Fundamentals of bioinformatics. Fundamentals of molecular biology: structure of prokaryotic and eukaryotic cells, structure and function of nucleic acids and proteins, replication, transcription and translation. Bioinformatics, definition, field of interest, bioinformatics data. Genomics, genome and methods of genome exploration, PCR, DNA sequencing, genome organization. Proteomics, the proteome and methods for its investigation. Mass spectrometry of proteins. Basics of phylogenetics, methods of constructing phylogenetic trees. Sequence similarity, sequence alignment, related algorithms (IV107, IV108).
Advanced bioinformatics methods.
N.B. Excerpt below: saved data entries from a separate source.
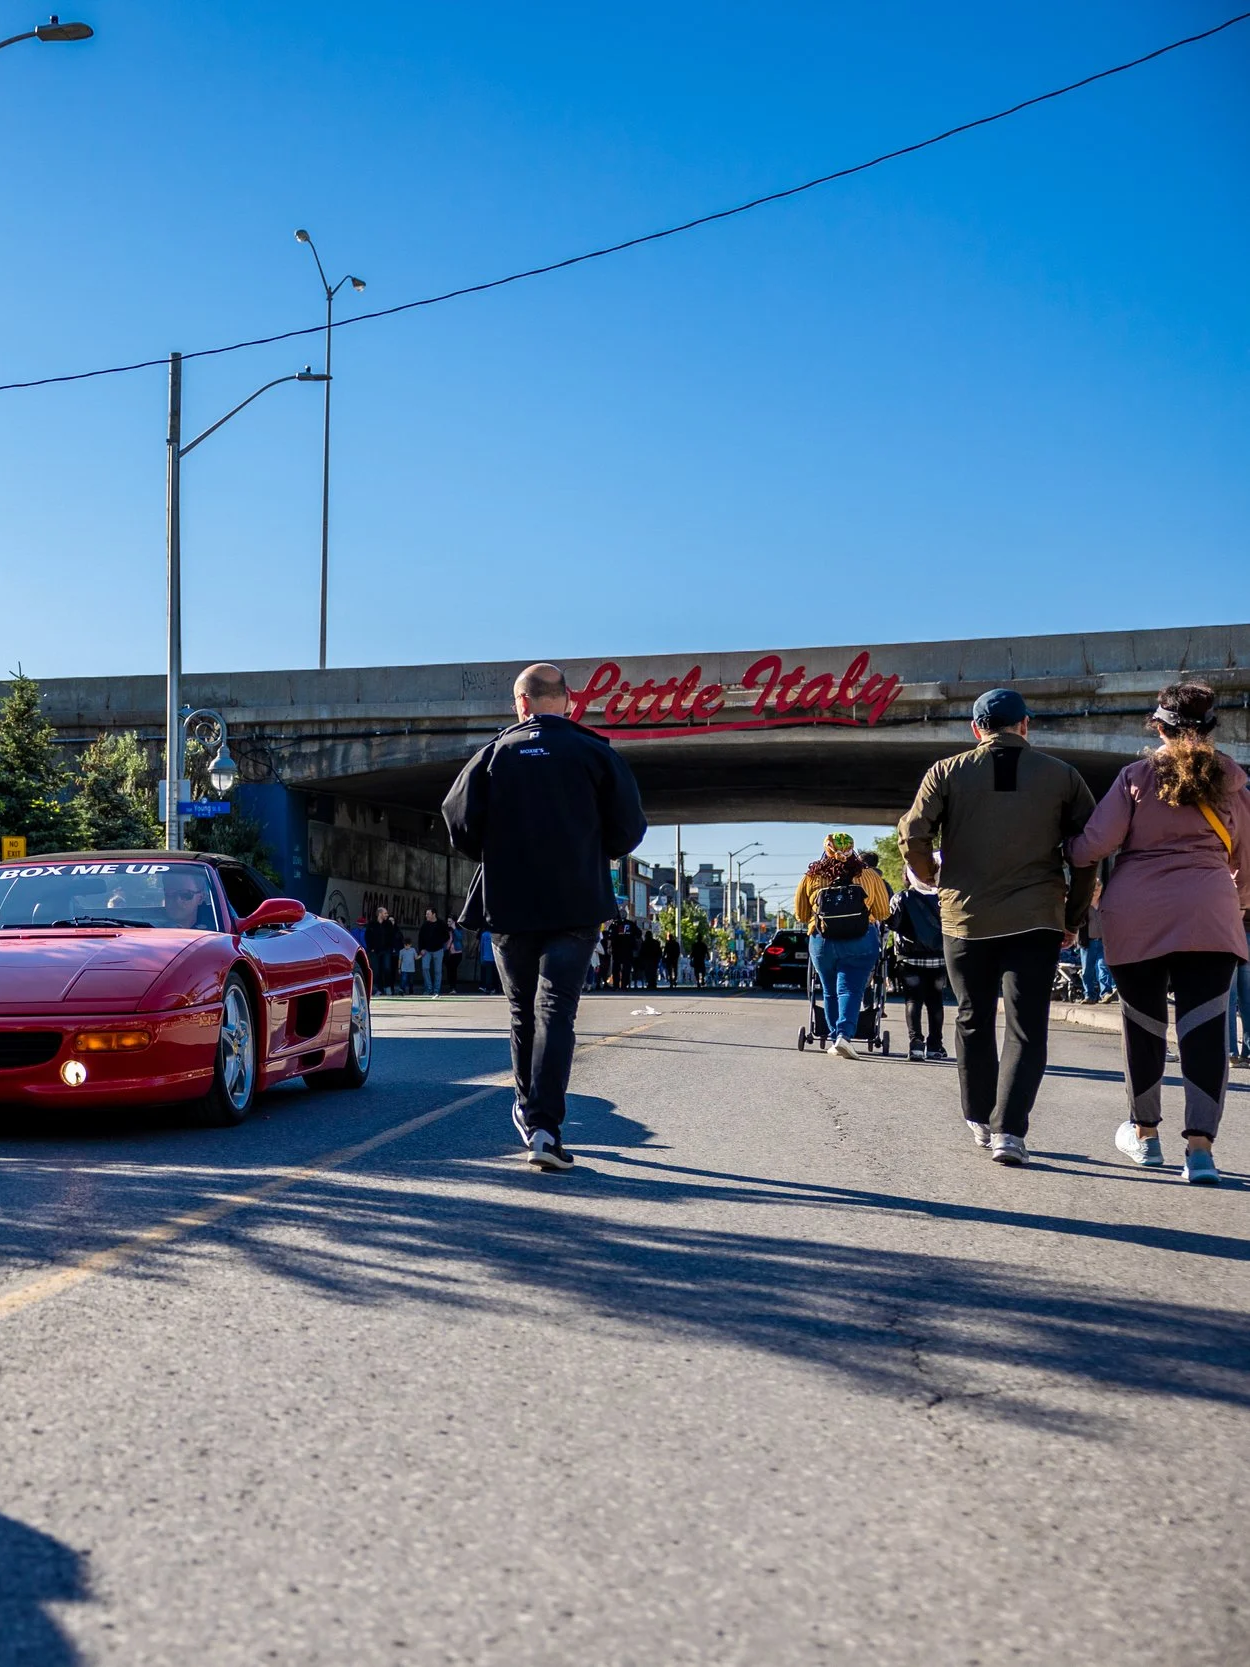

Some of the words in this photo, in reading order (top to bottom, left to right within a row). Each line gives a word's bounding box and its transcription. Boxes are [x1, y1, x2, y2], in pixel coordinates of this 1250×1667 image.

[567, 662, 724, 724] Little
[742, 650, 903, 726] Italy
[8, 840, 19, 848] NO
[7, 850, 21, 859] EXIT
[70, 864, 119, 875] ME
[125, 864, 170, 875] UP
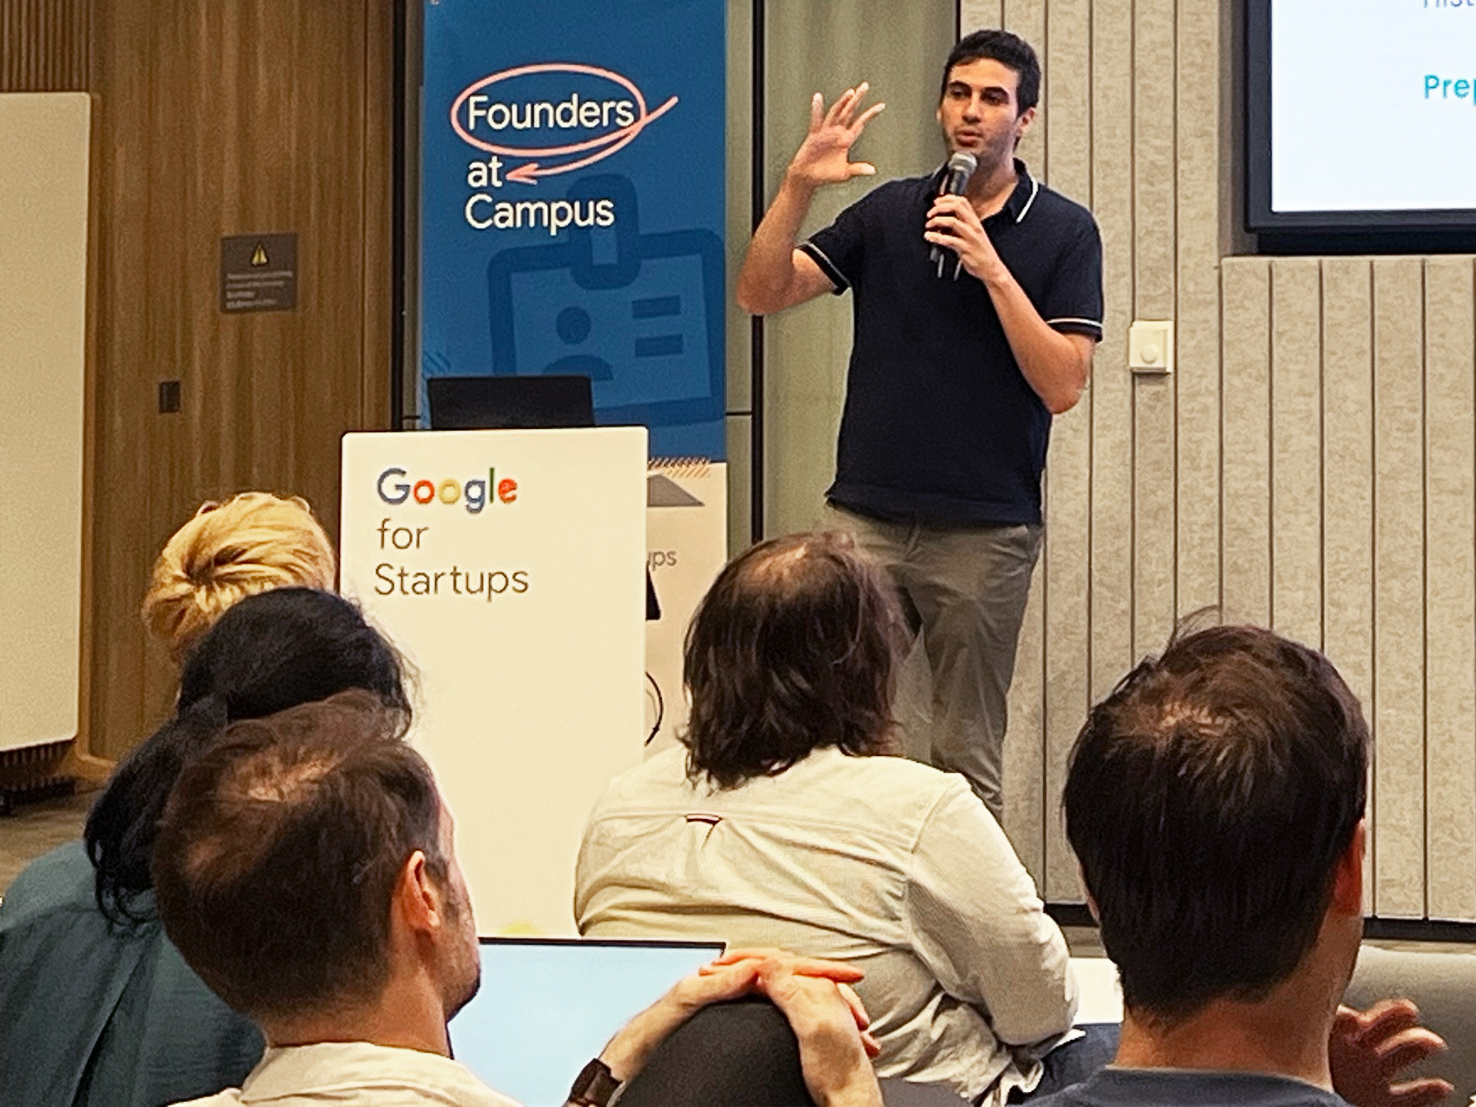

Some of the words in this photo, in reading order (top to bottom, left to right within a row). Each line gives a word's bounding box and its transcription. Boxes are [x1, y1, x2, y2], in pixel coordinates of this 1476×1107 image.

Computational tools for genome analysis, in silico gene identification, genome browsers. Biological sequences and information theory. DNA structure, RNA, melting point estimation and Nussin's algorithm. Hidden Markov models and their use in bioinformatics. Advanced techniques for working with NGS data, metagenomics. Sequence motif search and genome annotation. Analysis of protein structures and their prediction from amino acid sequence. (IV108, PV269)
Modeling and analysis of biological processes. Biological model specification: biological networks and pathways, static analysis of biological networks. Modeling and simulation of biological processes. Deterministic continuous model: law of active matter, kinetics of enzymes and gene regulation. Stochastic models: Markov chain continuous time, stochastic Petri nets, Gillespie's algorithm (SSA). Rule-based languages for specification of biological models. Hypothesis specification using temporal logics, model robustness with respect to temporal properties. Qualitative models: Boolean networks and their analysis (PB050, PA054).
Continuous and hybrid systems: system definition, object, model, system. Dynamical system, transition function, system dimension, equations of state. Continuous, discrete, hybrid system. Linear and nonlinear systems, linearization. Stability and stability characterization. System identifiability, parameter estimation. Achievability in hybrid system. Basic concepts of control theory: controllability, observability. (IV120)

Specialization - Natural Language Processing

Natural language processing: corpora, their markup. Automatic morphological and syntactic analysis. Text classification, information extraction. Sentiment analysis, named entity recognition. Recurrent neural networks for language modeling, sequence processing, transformers. Question answering, machine translation. (PA153, IA161)
Language modeling: language model, Noisy Channel methods, Markov models, hidden Markov models (HMMs), smoothing. Neural models like GPT, large language models, prompt engineering, models tuned for dialogue. (PA154)
Computational logic: Complexity and quantifiability of the satisfiability problem. Resolution method in propositional and predicate logic. Prolog language, relational algebra and Datalog. Tableau proofs in propositional, predicate and modal logic. Natural deduction. Inductive inference in propositional and predicate logic. Bisimulation and temporal logics. (IA008)
Probability in computer science: definition of probability space. Random variable, definition and use, Markov and Chebyshev inequalities. Random processes, Markov chains (DTMC and CTMC), invariant distributions, ergodic theorem for DTMC. Information theory (entropy, mutual information), coding theory (Kraft and McMillan theorem, Huffman coding, error channel capacity theorem).